Venice is 9,867 kilometres from LA, and arguably further still in cultural terms, but OReilly’s new home doesn’t seem to have compromised his output. In April 2013, Cartoon Network broadcast “A Glitch is a Glitch,” OReilly’s guest-directed episode of Adventure Time, an animated series that averages 3.3 million viewers per week. Despite its mainstream context, the episode crams in references to paedophilia, drug abuse, and sadomasochism. It breaks just as many taboos aesthetically, with sections so pixelated they’re barely intelligible, and an interlude both unnecessary and awkwardly long. Just like The External World, OReilly uses violent kawaii characters to ask big questions: Are binary data and DNA comparable? Is evolution a form of reincarnation? Are the Cartesian laws of computer operating systems the same as those underpinning the Universe? It’s the animated equivalent of literature’s hysterical realism.

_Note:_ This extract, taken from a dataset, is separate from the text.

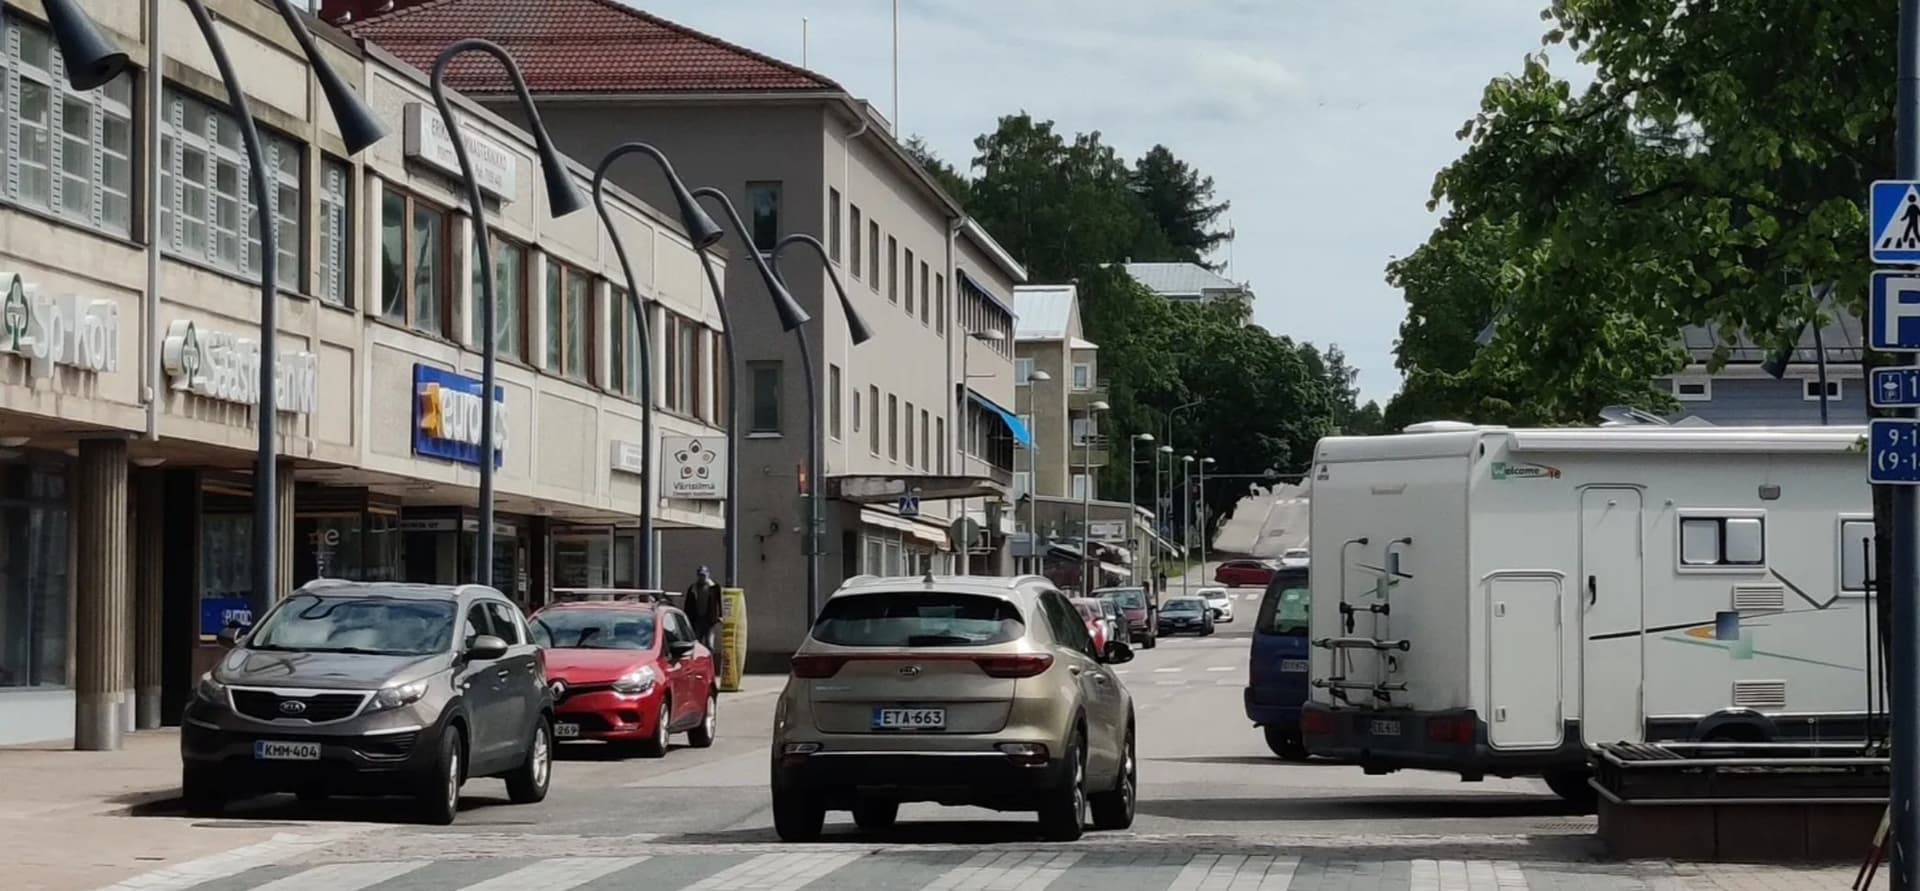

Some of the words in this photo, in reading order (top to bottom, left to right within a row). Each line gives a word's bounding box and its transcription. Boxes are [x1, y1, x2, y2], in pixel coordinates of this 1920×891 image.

In Berlin, OReilly had been almost as intense as his films. Some interviewees make you wring every phrase out of them, but OReilly was like a self-propelled dynamo. I could have set my dictaphone to record, left him alone for ten minutes, and still have had too many quotes for my piece. His relentless flow, perhaps combined with the Teutonic context, reminded me of a Bismarck quote: “Faust complained about having two souls in his breast, but I harbour a whole crowd of them and they quarrel. It is like being in a republic.” OReilly’s selves seemed to act in concert not competition though, as if he were an organic matryoshka. I and my dictaphone had again braced for a verbal onslaught, but LA seems to have mellowed OReilly from fast-forward to real-time. “I came here just wanting to sell out. Now I’m living that dream of being a Hollywood dickhead,” he gently quips at the start of the interview. “There’s a quiet desperation here that you’ll make it,” he expands. “It happens in Berlin but it’s less embarrassing, because fame doesn’t have the same prestige as LA. People take pride in being non-commercial in Berlin, whereas LA is a town that forces you to say you’re busy even if you’re not.”

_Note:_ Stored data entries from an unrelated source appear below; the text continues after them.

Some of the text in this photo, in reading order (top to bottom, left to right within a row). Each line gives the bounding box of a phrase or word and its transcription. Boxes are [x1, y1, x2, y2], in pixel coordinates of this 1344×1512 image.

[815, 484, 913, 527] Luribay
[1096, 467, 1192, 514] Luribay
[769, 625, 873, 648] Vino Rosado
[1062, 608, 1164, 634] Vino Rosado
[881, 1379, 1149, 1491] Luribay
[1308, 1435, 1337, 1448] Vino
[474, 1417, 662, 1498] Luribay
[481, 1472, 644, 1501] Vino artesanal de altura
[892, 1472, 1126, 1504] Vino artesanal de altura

I ask how the city’s corporate culture has affected OReilly. His earlier work explored the corrosive effect of work and consumption on everyday life, so the world’s foremost image factory could be a rich source of inspiration. “The whole country here—especially LA—is built on capitalism,” he says. “I wanted to try to find projects where I could do my thing but make money at it, and hopefully they might reach a wider audience.” OReilly’s expectations weren’t misplaced. Following Adventure Time, he was tapped to animate the ‘alien child’ videogame sequences in Spike Jonze’s film Her, due for worldwide release as HOLO goes to press. Although OReilly has worked on both features and TV shows before, and the combined length of these projects could be less than fifteen minutes, they could allow OReilly to ‘break America,’ as so many European artists have previously attempted.

OReilly’s live/work studio is located in the historic core of downtown Los Angeles. “It’s where a lot of Buster Keaton’s films were shot and virtually preserved since those days,” he says. For the opening shot of this feature, OReilly took photographer Ken Tisuthiwongse up to the roof of his building.

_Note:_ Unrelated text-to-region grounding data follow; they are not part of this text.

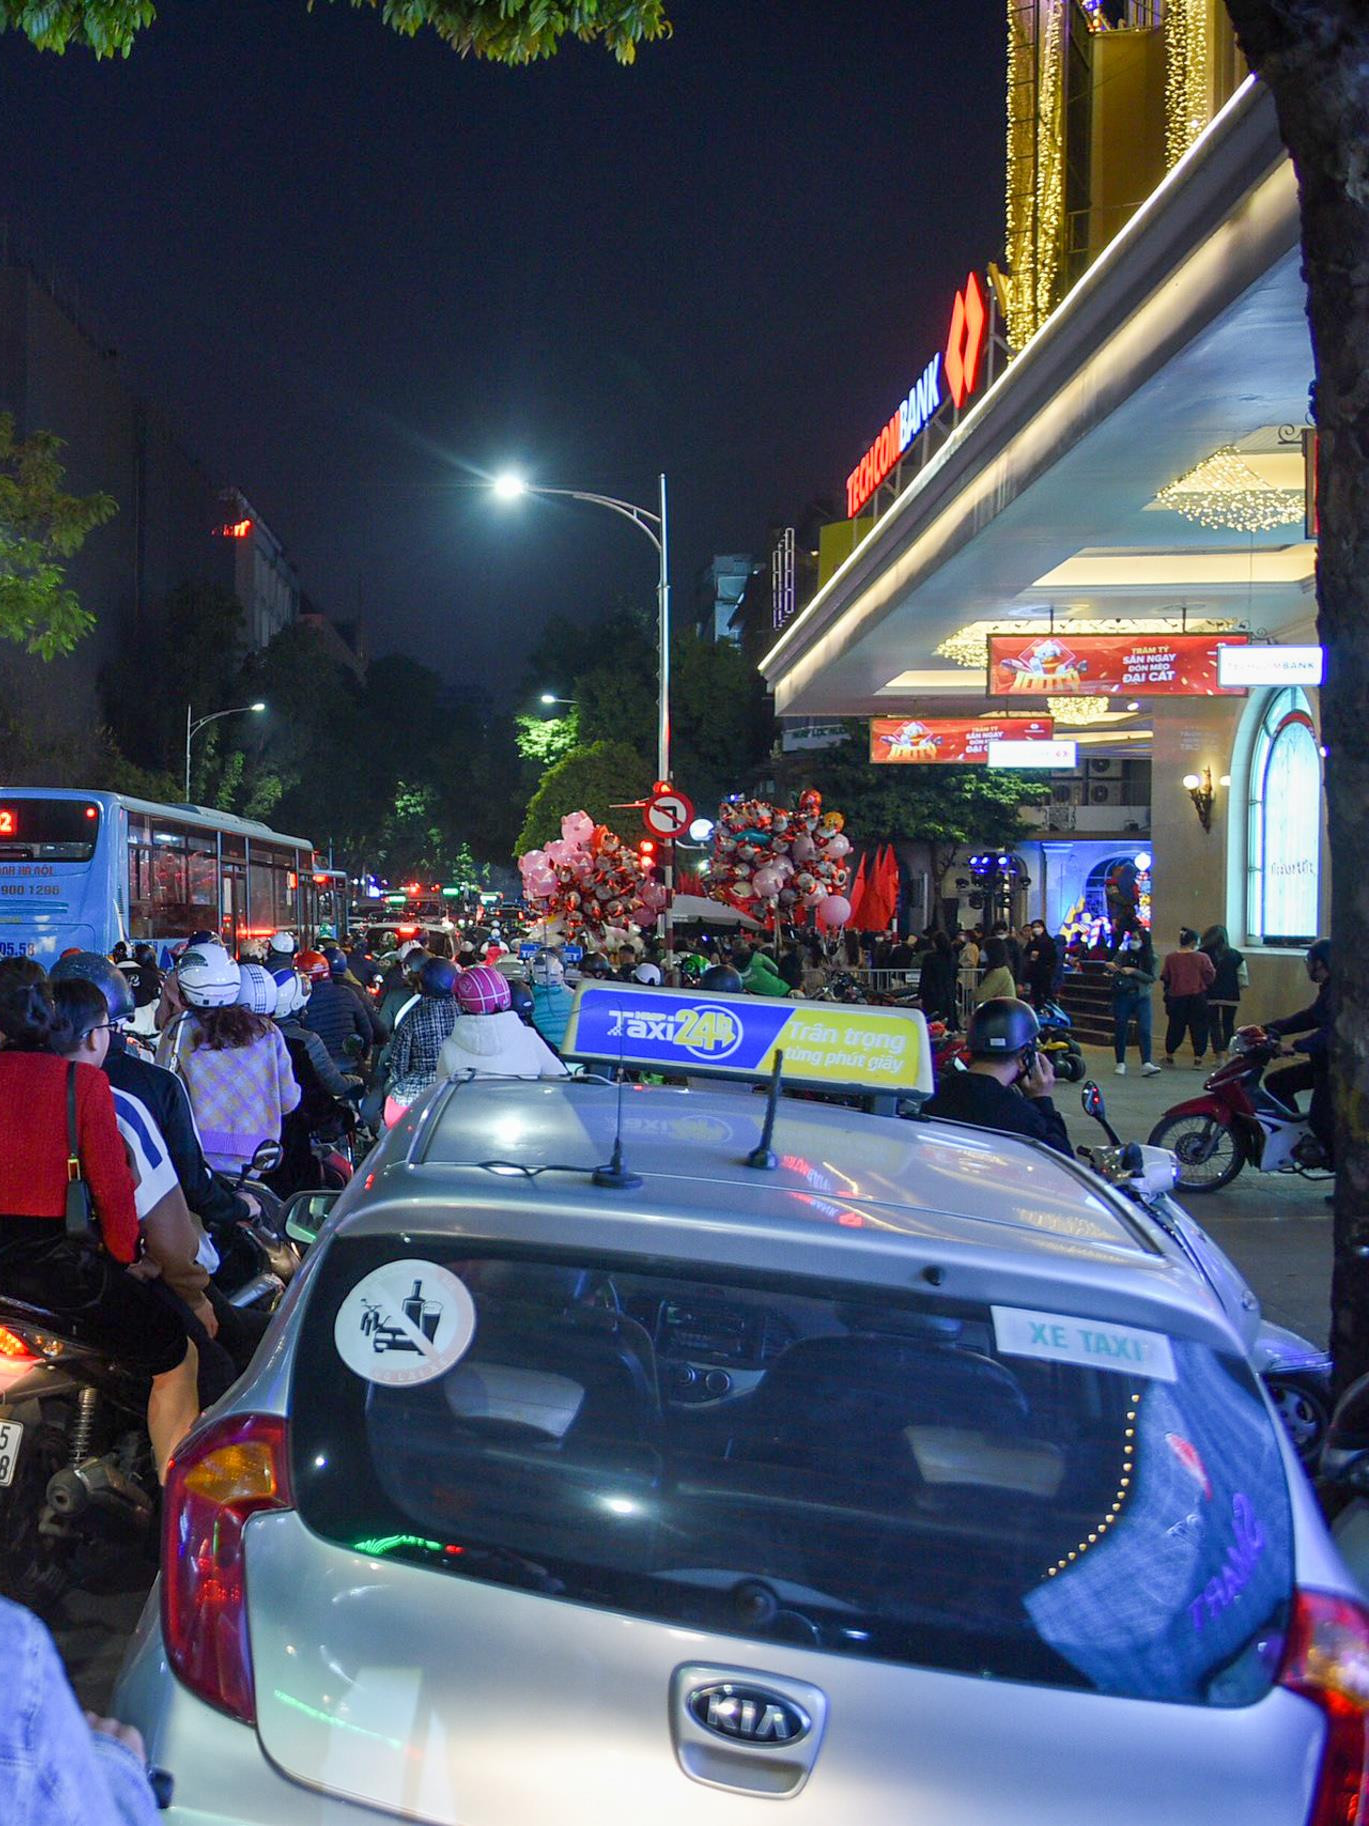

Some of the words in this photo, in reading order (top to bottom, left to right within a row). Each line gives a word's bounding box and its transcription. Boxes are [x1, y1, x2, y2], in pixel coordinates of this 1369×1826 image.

[846, 352, 943, 519] TECHCOMBANK
[1147, 654, 1176, 663] NGAY
[845, 1027, 907, 1055] trọng
[825, 1050, 866, 1067] phút
[1028, 1321, 1069, 1349] XE
[1077, 1329, 1145, 1361] TAXI
[707, 1693, 789, 1738] KIA

“I have a small place—it’s basically one long rectangle,” says OReilly about his apartment. Splitting work between home and office, he spent the other half of his time in LA at the Titmouse and Cartoon Network studios.
OReilly’s workspace can be turned into a screening area at a moment’s notice. “I prefer it to the cinema,” he says. During our visit, he ran some test videos through the projector.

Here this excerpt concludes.